> _YOUR TASK_:
Everything except the pictures should be printed exactly as it appears in the records.
BEGIN
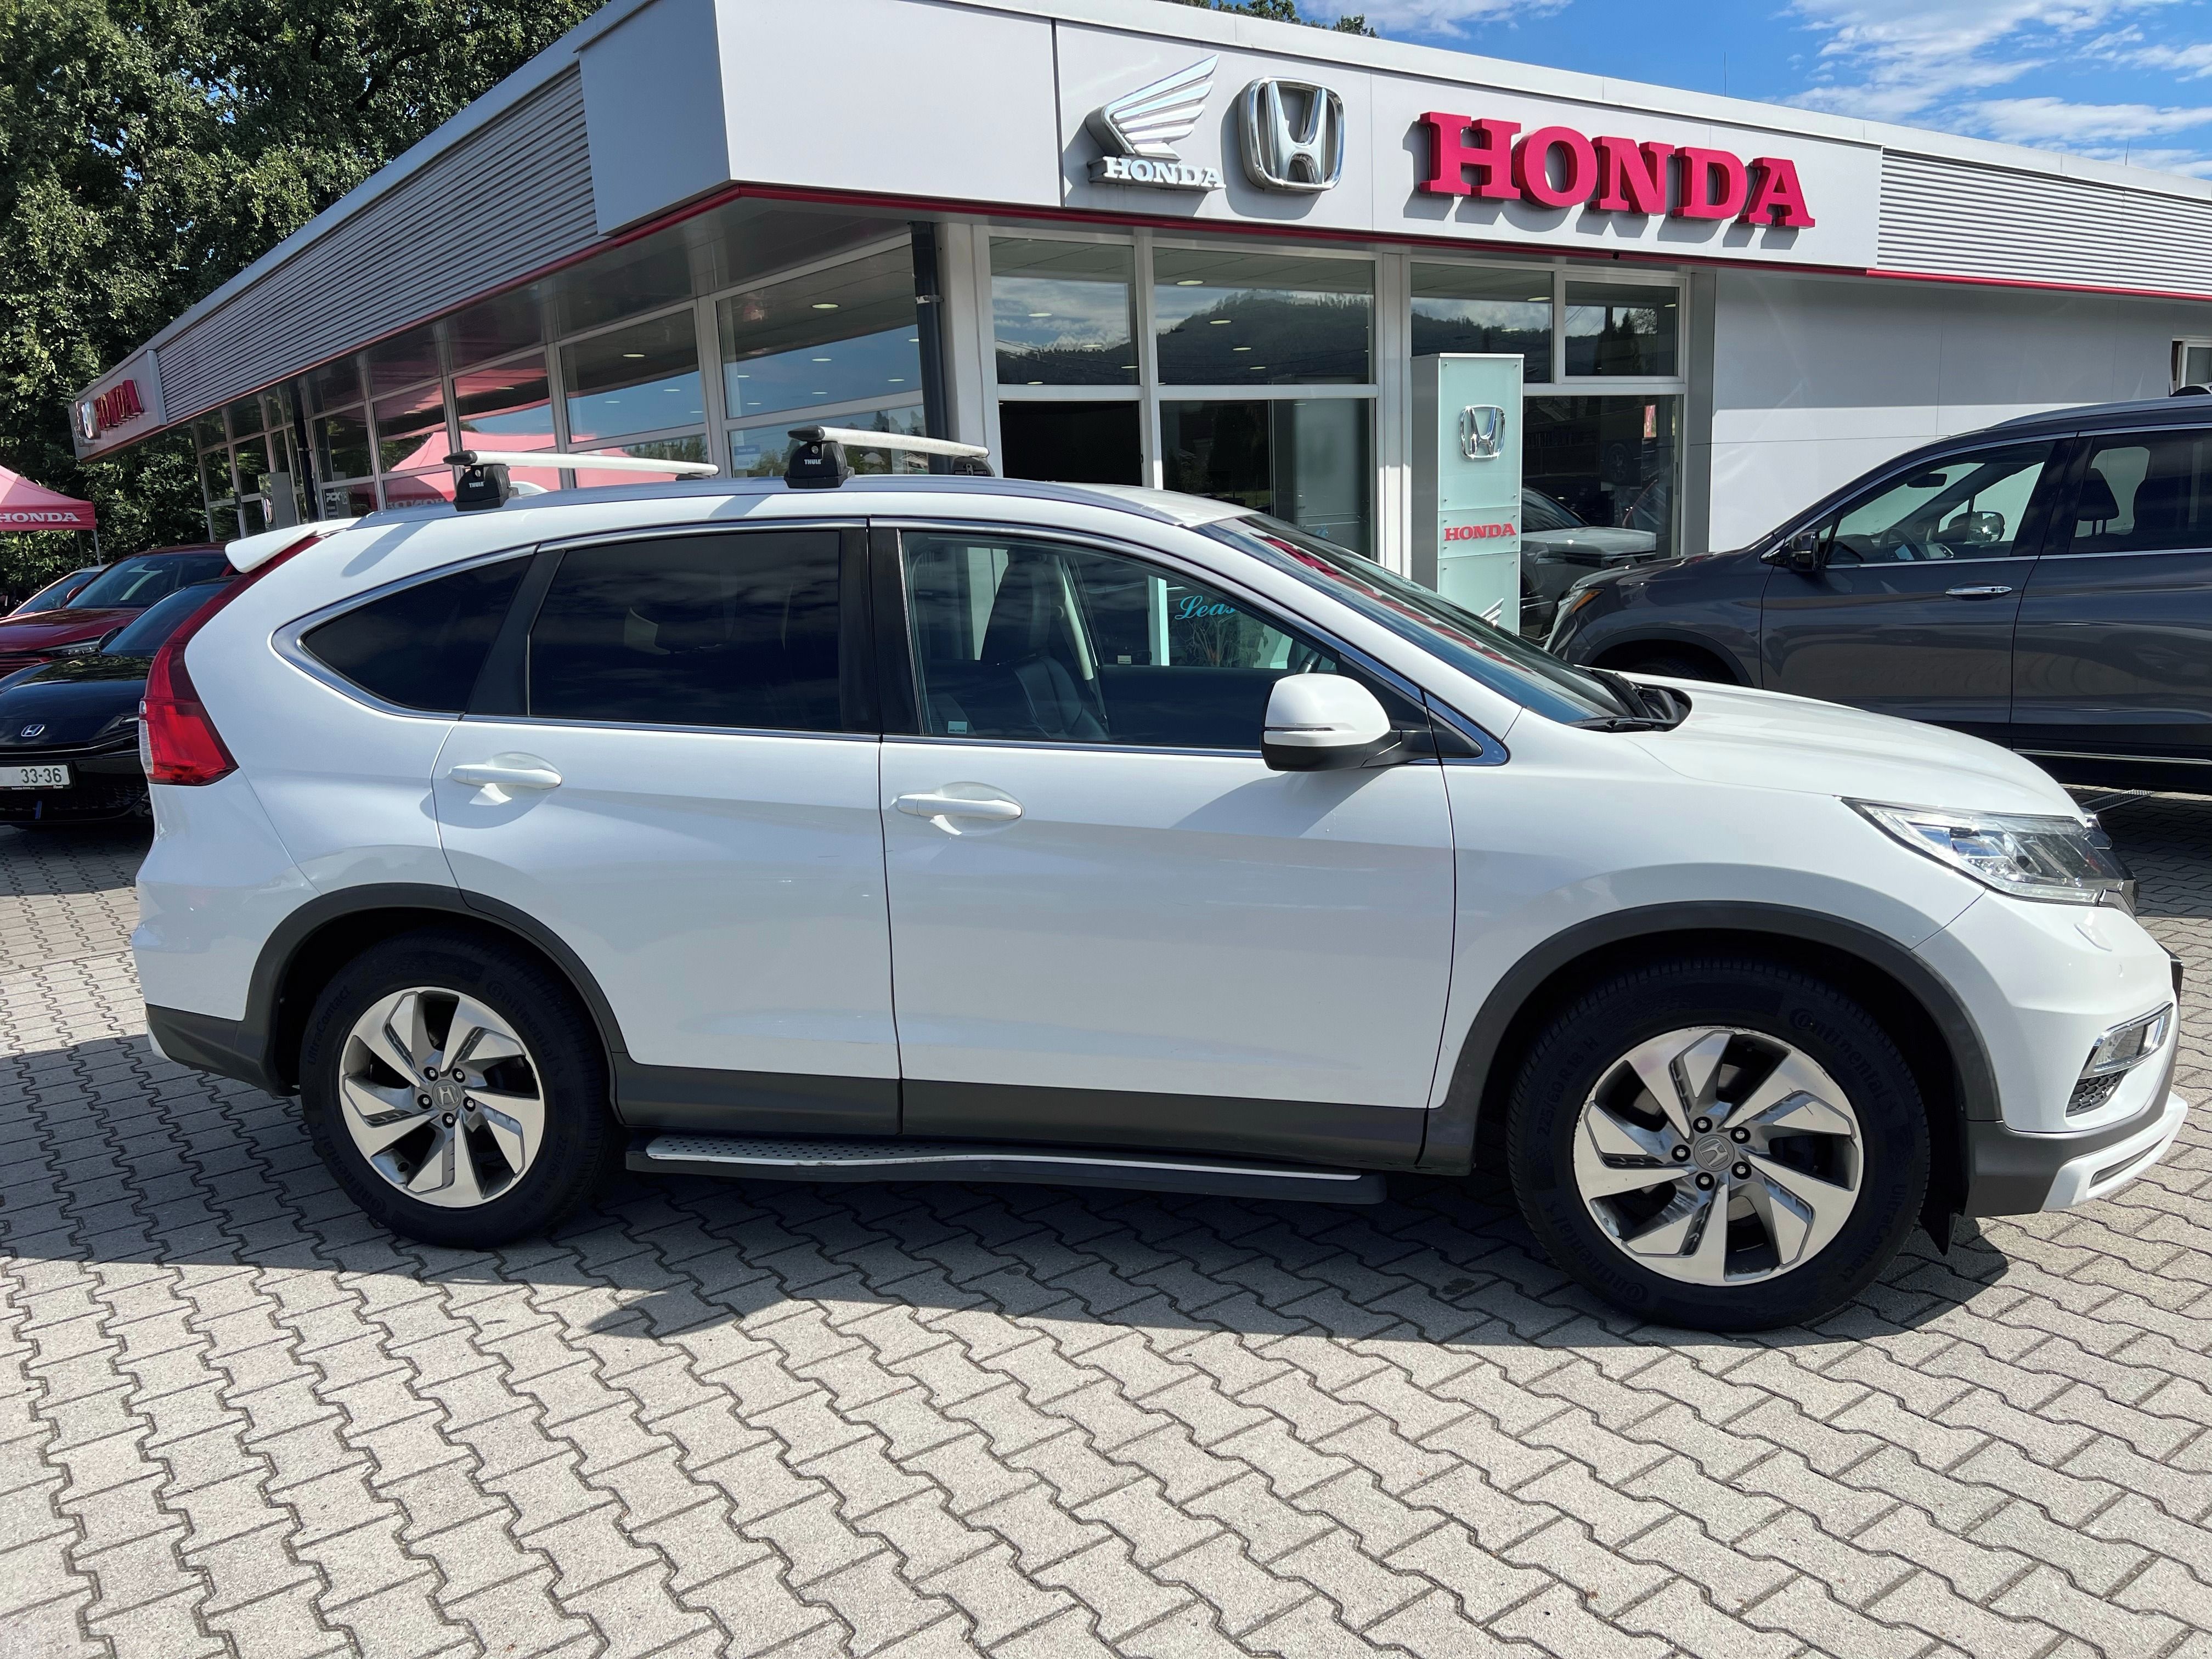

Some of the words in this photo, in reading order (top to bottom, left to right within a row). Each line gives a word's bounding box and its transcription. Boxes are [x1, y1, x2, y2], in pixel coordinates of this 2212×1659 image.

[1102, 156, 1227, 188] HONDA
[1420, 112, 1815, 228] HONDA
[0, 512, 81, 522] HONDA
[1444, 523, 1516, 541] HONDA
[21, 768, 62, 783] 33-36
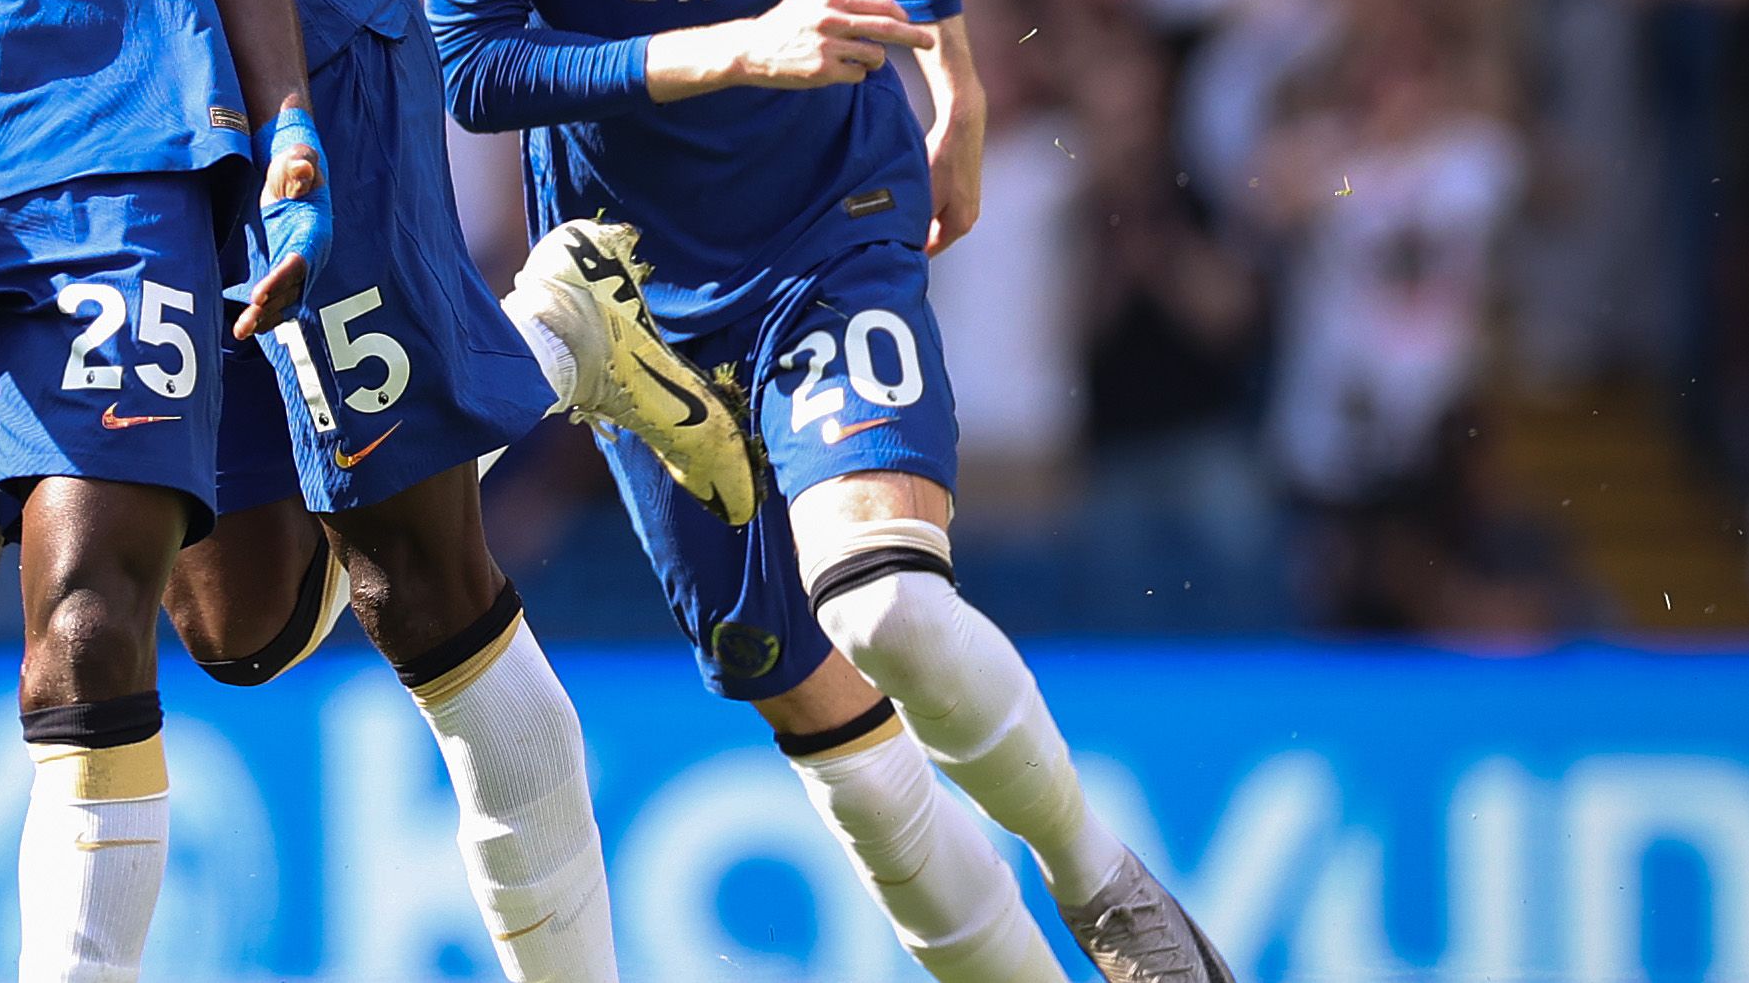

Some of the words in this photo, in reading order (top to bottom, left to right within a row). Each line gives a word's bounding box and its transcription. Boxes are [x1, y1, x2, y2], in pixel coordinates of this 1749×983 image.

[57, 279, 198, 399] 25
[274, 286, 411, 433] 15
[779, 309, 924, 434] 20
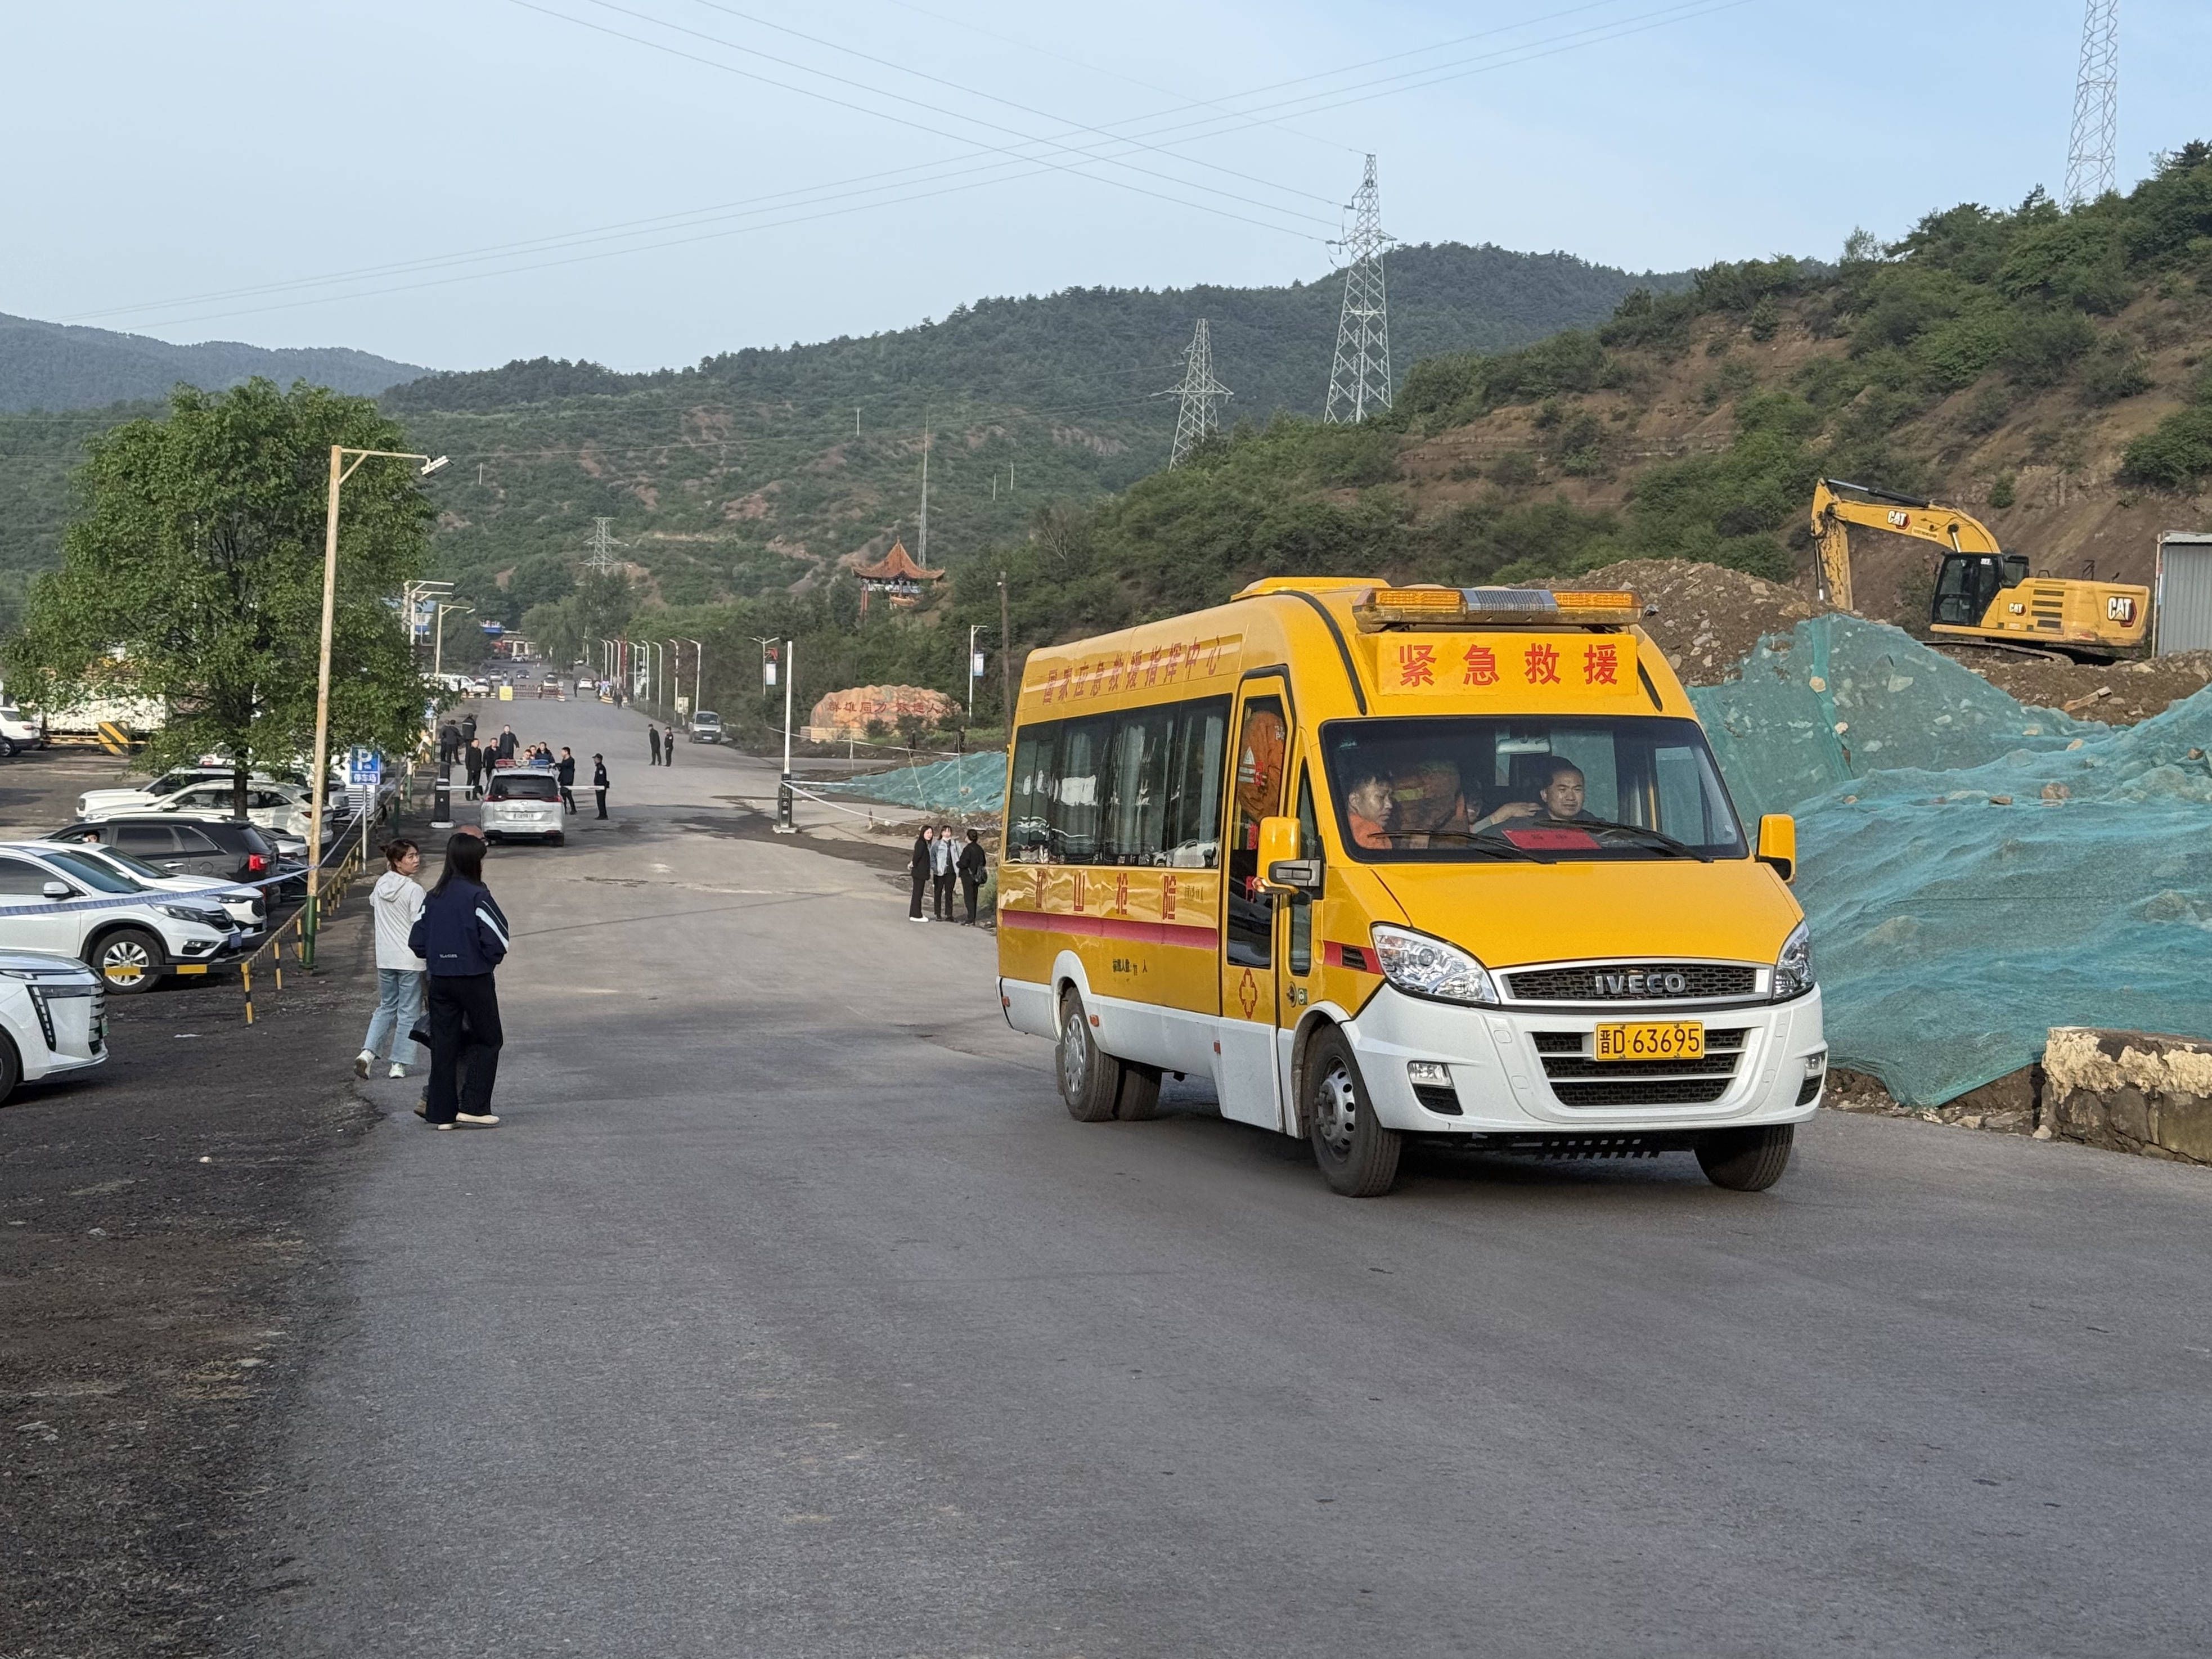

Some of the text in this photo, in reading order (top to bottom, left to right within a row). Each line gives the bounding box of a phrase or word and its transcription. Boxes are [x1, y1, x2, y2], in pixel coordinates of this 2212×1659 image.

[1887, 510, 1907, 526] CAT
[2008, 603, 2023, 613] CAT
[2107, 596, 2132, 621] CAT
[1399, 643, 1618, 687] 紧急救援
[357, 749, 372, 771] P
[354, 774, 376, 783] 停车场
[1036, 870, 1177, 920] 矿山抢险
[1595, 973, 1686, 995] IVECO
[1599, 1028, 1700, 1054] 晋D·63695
END
> _THE COMPLETED TASK_:
Some of the words in this photo, in reading order (top to bottom, left to right within a row). Each line gives a word's bounding box and its transcription. Boxes are [x1, y1, x2, y2], in pixel coordinates of this 2212×1659 image.

[1102, 156, 1227, 188] HONDA
[1420, 112, 1815, 228] HONDA
[0, 512, 81, 522] HONDA
[1444, 523, 1516, 541] HONDA
[21, 768, 62, 783] 33-36

Some of the words in this photo, in reading order (top to bottom, left to right within a row). Each line gives a word's bounding box and its transcription. Boxes are [x1, y1, x2, y2], in pixel coordinates of this 1749×983 image.

[57, 279, 198, 399] 25
[274, 286, 411, 433] 15
[779, 309, 924, 434] 20

Some of the text in this photo, in reading order (top to bottom, left to right within a row). Each line gives the bounding box of a phrase or word and its transcription. Boxes are [x1, y1, x2, y2], in pixel coordinates of this 2212×1659 image.

[1887, 510, 1907, 526] CAT
[2008, 603, 2023, 613] CAT
[2107, 596, 2132, 621] CAT
[1399, 643, 1618, 687] 紧急救援
[357, 749, 372, 771] P
[354, 774, 376, 783] 停车场
[1036, 870, 1177, 920] 矿山抢险
[1595, 973, 1686, 995] IVECO
[1599, 1028, 1700, 1054] 晋D·63695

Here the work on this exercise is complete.